The approaches that support the implementation of strategy are McKinsey’s 7-S
model and the four-view model.
Performance measurement (Techniques 10–12)
All organisations need to monitor performance. This section explains two
techniques used to identify performance measures and carry out the evaluation.
These are critical success factors/key performance indicators, and the Balanced
Business Scorecard technique.
STRATEGY ANALYSIS EXTERNAL BUSINESS ENVIRONMENT
Technique 1: PESTLE analysis
Variants/Aliases
There are several similar approaches used to investigate the global business
environment within which an organisation operates.
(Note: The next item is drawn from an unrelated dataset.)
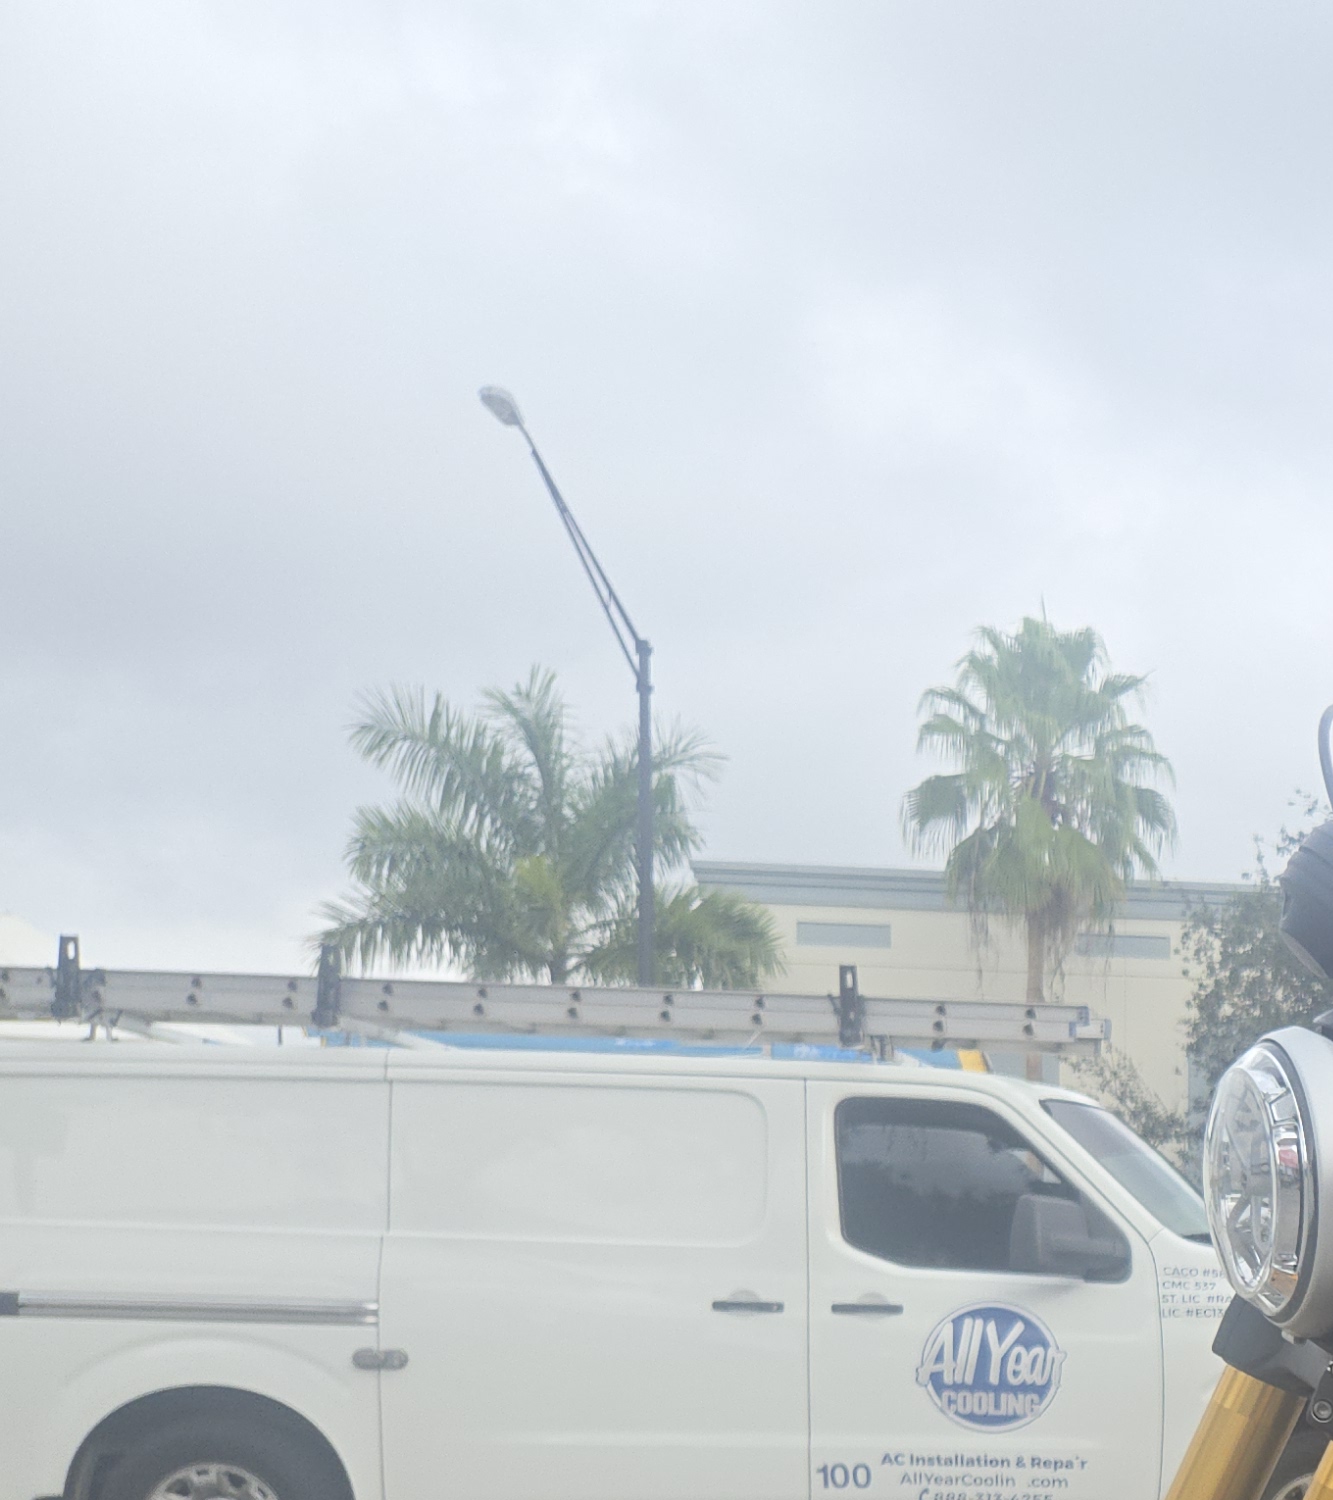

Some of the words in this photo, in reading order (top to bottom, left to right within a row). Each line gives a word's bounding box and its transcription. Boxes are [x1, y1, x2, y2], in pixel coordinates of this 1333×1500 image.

The most commonly used
approaches to external environment analysis are:
PEST (political, economic, socio-cultural, technological);
PESTEL (political, economic, socio-cultural, technological, environmental
(or ecological), legal);
PESTLIED (political, economic, socio-cultural, technological, legal,
international, environmental (or ecological), demographic);
STEEPLE (socio-cultural, technological, environmental (or ecological),
economic, political, legal, ethical).
Description of the technique
PESTLE analysis provides a framework for investigating and analysing the
external environment for an organisation. The framework identifies six key areas
that should be considered when attempting to identify the sources of change.
These six areas are:
Political: Examples of political factors could be a potential change of
government, with the corresponding changes to policies and
priorities, or the introduction of a new government initiative.
These may be limited to the home country within which the
organisation operates, but this tends to be rare these days since
many changes have an effect in several countries. The development
of bodies such as the European Union and the growth of global
trade and multinational organisations have changed the scope of
political activity. This has increased the possibility of political
issues arising that may impact upon the organisation and how it
operates.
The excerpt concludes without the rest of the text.